Write the records out again exactly as they read, dropping any picture they hold.
── Input data ──
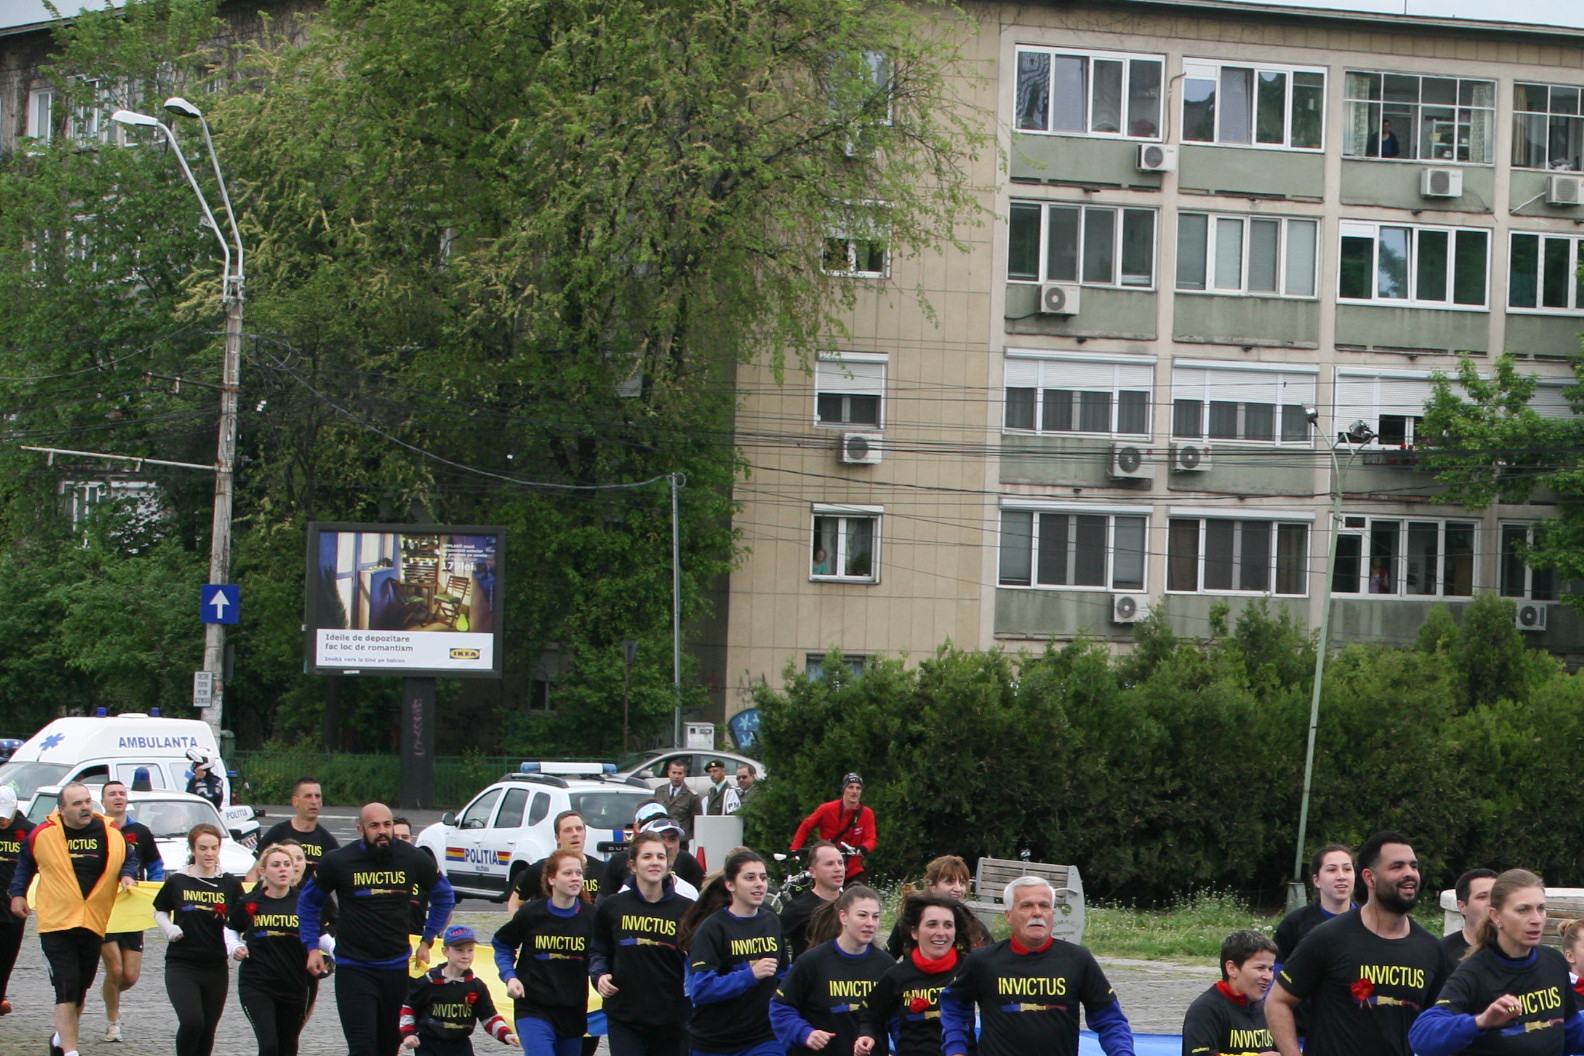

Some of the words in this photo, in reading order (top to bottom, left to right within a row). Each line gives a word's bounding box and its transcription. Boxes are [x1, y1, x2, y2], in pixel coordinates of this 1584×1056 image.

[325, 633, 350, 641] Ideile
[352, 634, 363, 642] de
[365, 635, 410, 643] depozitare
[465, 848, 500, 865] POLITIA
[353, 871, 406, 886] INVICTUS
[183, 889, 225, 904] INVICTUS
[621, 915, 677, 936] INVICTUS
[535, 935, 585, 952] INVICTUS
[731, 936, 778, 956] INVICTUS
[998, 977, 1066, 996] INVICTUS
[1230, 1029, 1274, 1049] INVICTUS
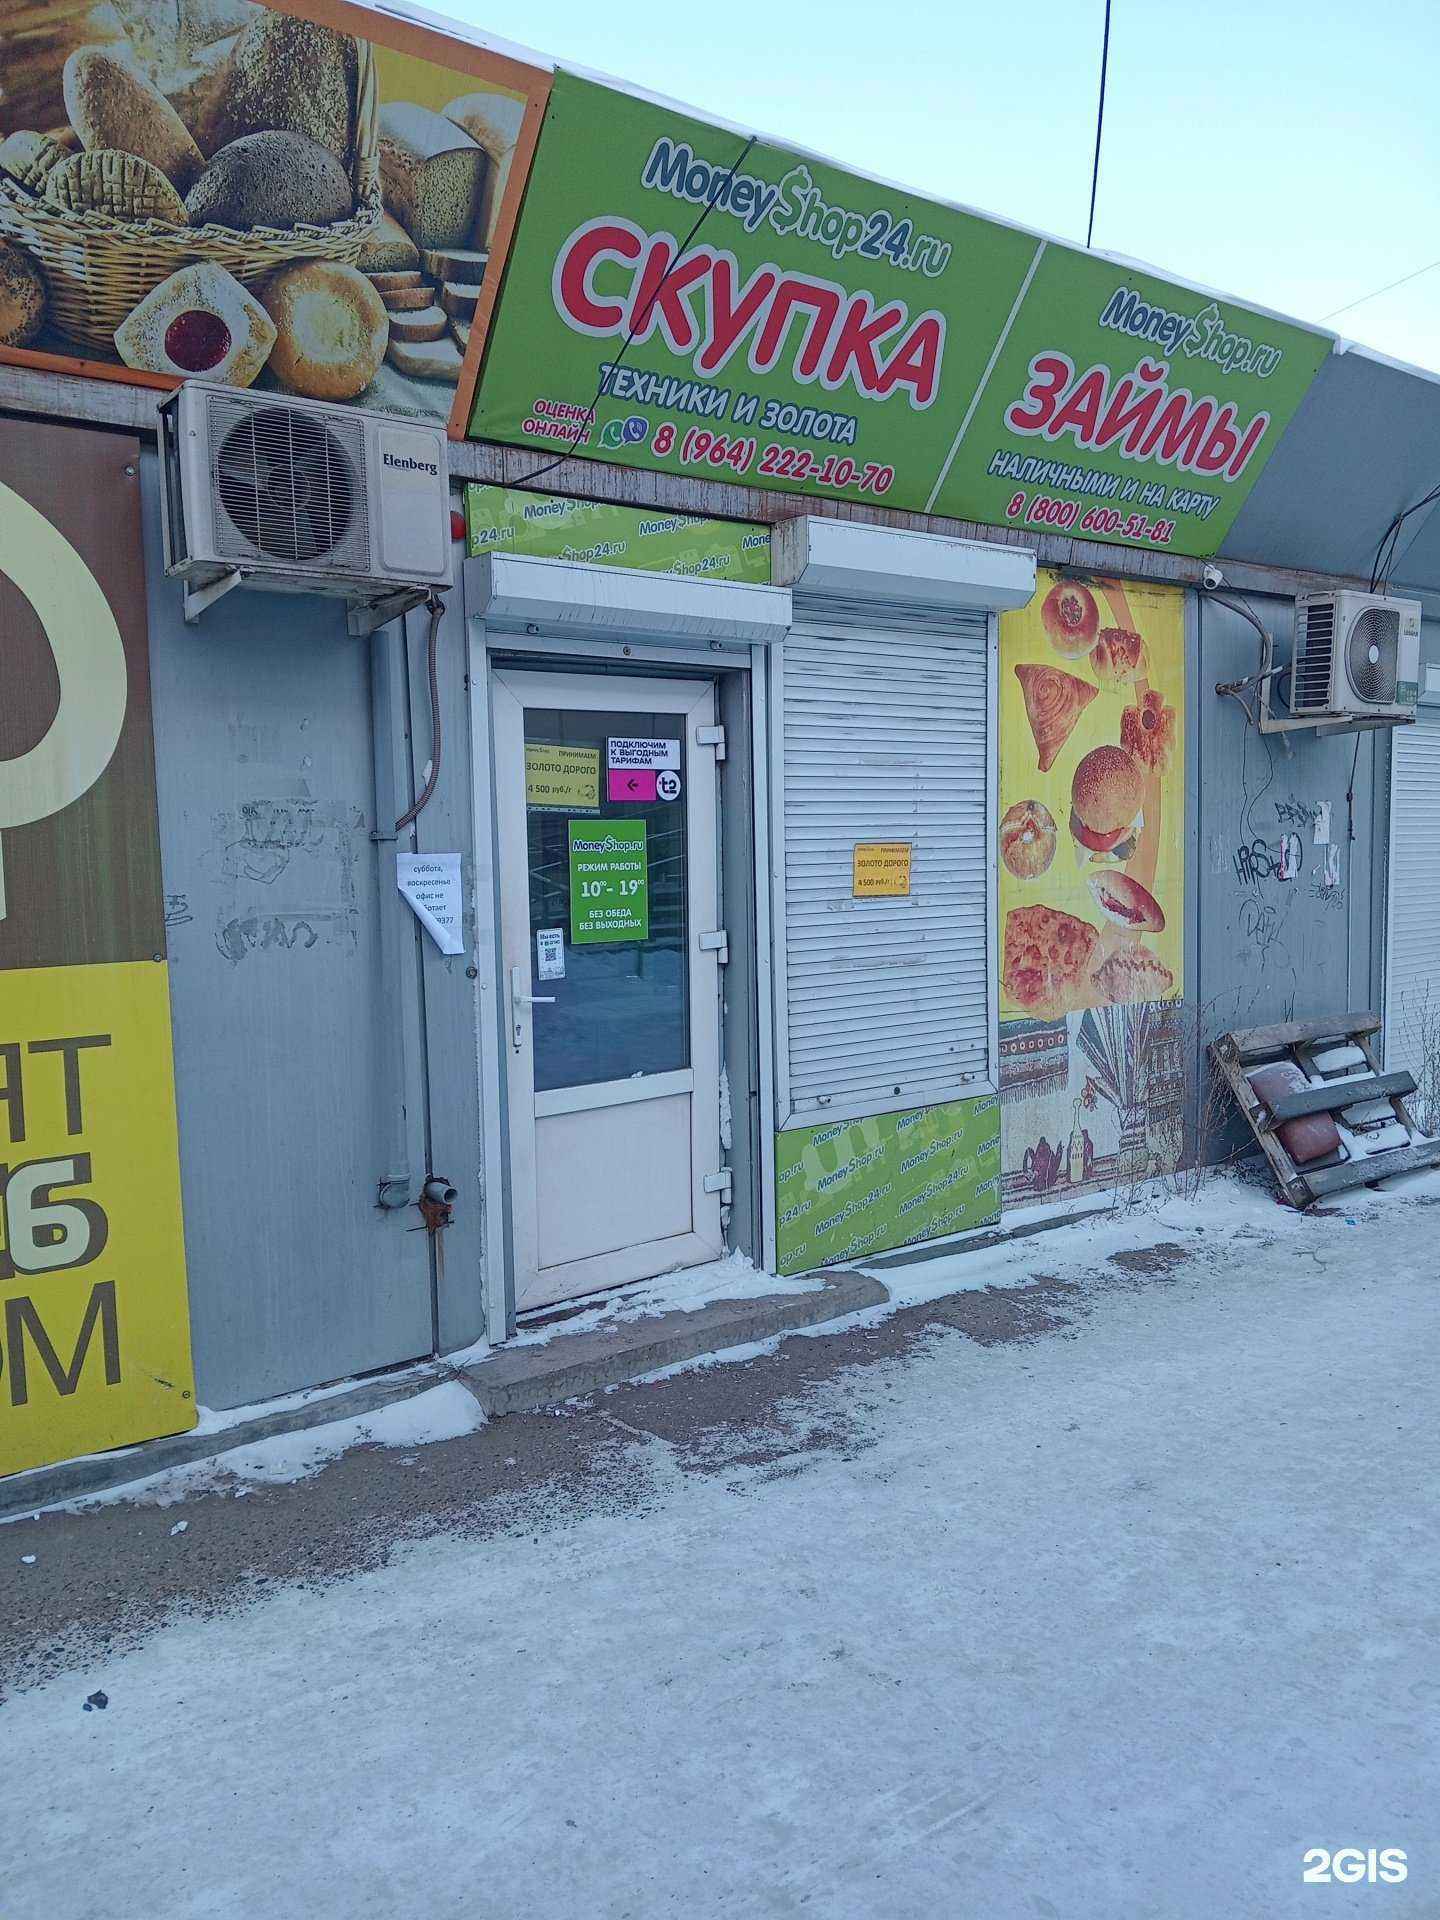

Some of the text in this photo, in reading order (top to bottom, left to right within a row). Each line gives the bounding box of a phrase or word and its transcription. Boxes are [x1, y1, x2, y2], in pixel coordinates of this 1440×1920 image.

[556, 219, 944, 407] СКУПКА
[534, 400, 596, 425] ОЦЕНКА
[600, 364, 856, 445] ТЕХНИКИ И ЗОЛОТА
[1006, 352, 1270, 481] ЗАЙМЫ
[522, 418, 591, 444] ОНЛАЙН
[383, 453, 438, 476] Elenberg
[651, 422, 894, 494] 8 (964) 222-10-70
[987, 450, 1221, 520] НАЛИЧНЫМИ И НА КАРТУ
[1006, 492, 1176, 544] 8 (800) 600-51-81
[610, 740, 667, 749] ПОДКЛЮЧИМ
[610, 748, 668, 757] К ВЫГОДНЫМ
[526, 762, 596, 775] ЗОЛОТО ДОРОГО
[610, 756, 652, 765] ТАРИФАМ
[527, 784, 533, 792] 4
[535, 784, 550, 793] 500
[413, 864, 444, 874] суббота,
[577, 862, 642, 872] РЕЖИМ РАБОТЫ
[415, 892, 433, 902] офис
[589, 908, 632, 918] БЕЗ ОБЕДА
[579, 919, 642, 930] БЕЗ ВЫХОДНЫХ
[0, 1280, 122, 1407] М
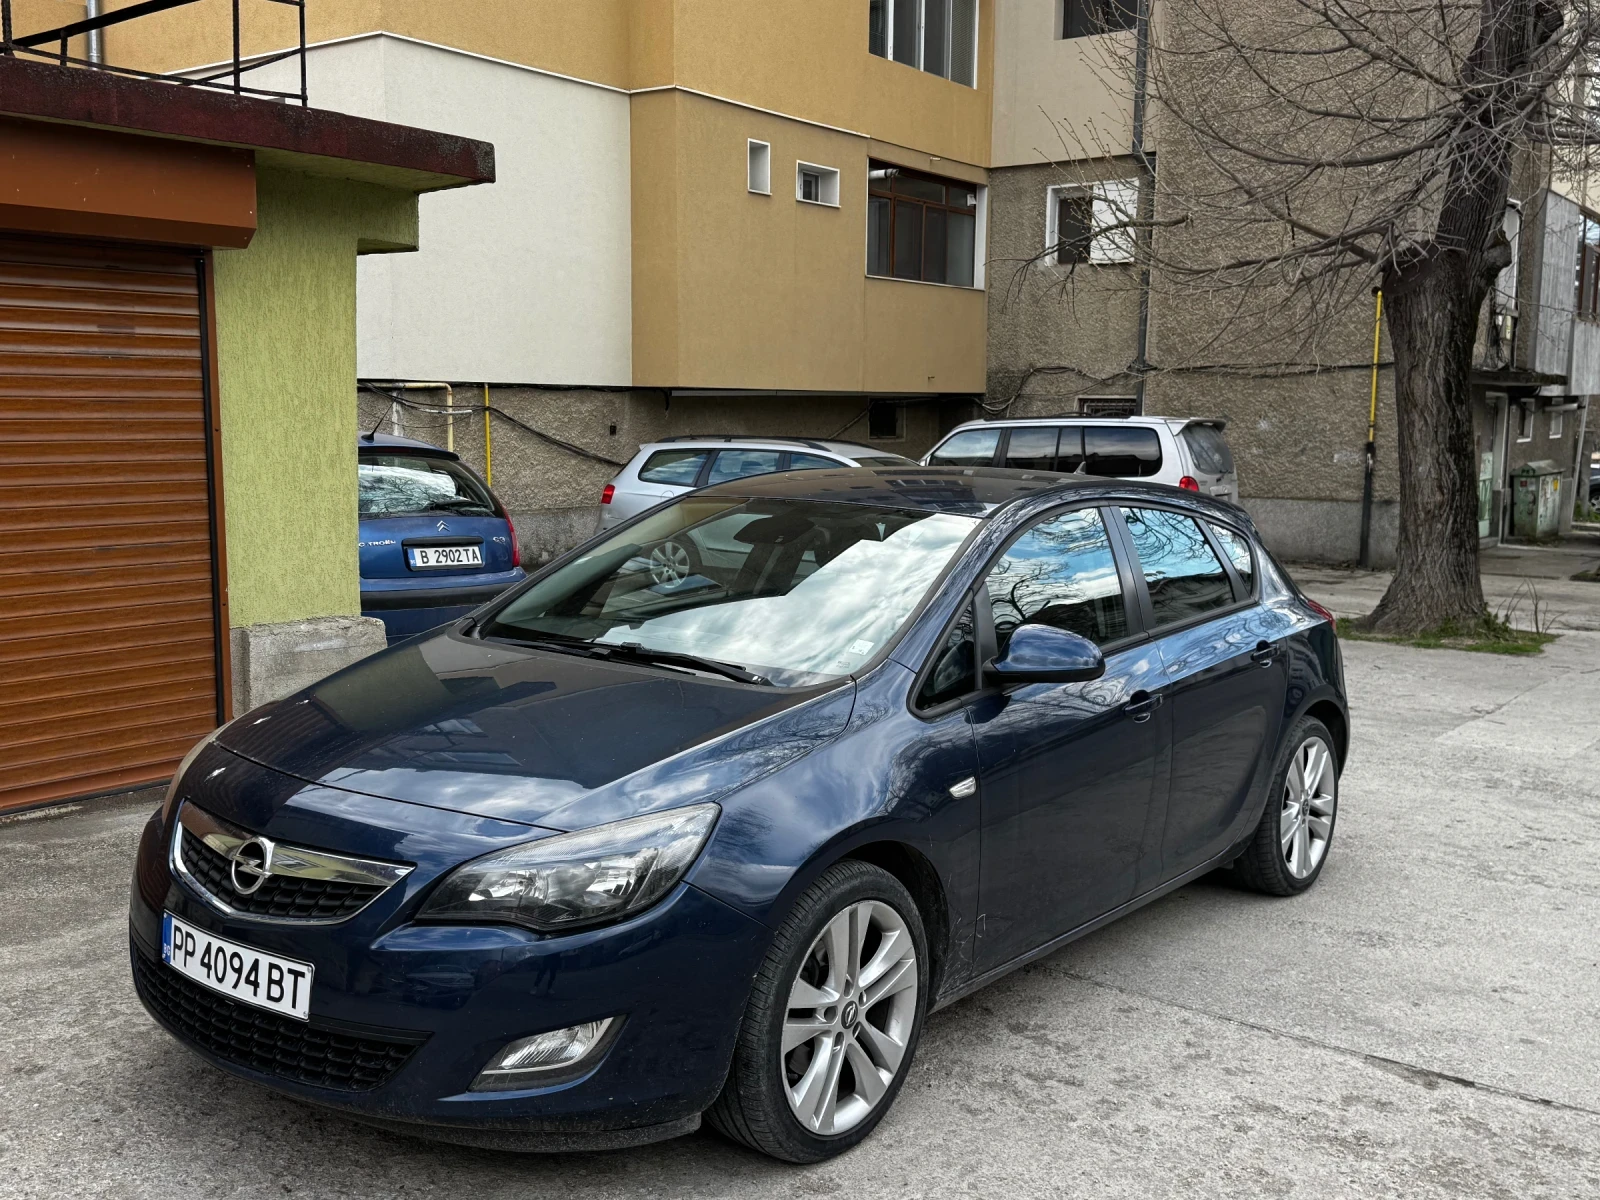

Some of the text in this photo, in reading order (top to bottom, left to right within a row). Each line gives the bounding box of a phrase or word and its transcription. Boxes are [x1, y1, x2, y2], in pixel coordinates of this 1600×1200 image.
───
— Written answer —
Some of the words in this photo, in reading order (top to bottom, left to right within a row). Each line gives a word's bounding box and its transcription. Boxes are [x1, y1, x2, y2], in pixel coordinates of this 1584×1056 image.

[325, 633, 350, 641] Ideile
[352, 634, 363, 642] de
[365, 635, 410, 643] depozitare
[465, 848, 500, 865] POLITIA
[353, 871, 406, 886] INVICTUS
[183, 889, 225, 904] INVICTUS
[621, 915, 677, 936] INVICTUS
[535, 935, 585, 952] INVICTUS
[731, 936, 778, 956] INVICTUS
[998, 977, 1066, 996] INVICTUS
[1230, 1029, 1274, 1049] INVICTUS

Some of the text in this photo, in reading order (top to bottom, left to right within a row). Each line gives the bounding box of a phrase or word and its transcription. Boxes are [x1, y1, x2, y2], in pixel coordinates of this 1440×1920 image.

[556, 219, 944, 407] СКУПКА
[534, 400, 596, 425] ОЦЕНКА
[600, 364, 856, 445] ТЕХНИКИ И ЗОЛОТА
[1006, 352, 1270, 481] ЗАЙМЫ
[522, 418, 591, 444] ОНЛАЙН
[383, 453, 438, 476] Elenberg
[651, 422, 894, 494] 8 (964) 222-10-70
[987, 450, 1221, 520] НАЛИЧНЫМИ И НА КАРТУ
[1006, 492, 1176, 544] 8 (800) 600-51-81
[610, 740, 667, 749] ПОДКЛЮЧИМ
[610, 748, 668, 757] К ВЫГОДНЫМ
[526, 762, 596, 775] ЗОЛОТО ДОРОГО
[610, 756, 652, 765] ТАРИФАМ
[527, 784, 533, 792] 4
[535, 784, 550, 793] 500
[413, 864, 444, 874] суббота,
[577, 862, 642, 872] РЕЖИМ РАБОТЫ
[415, 892, 433, 902] офис
[589, 908, 632, 918] БЕЗ ОБЕДА
[579, 919, 642, 930] БЕЗ ВЫХОДНЫХ
[0, 1280, 122, 1407] М

Some of the text in this photo, in reading order (top to bottom, left to right within a row). Each line gives the bounding box of a phrase or word and its transcription. Boxes are [x1, y1, x2, y2], in pixel coordinates of this 1600×1200 image.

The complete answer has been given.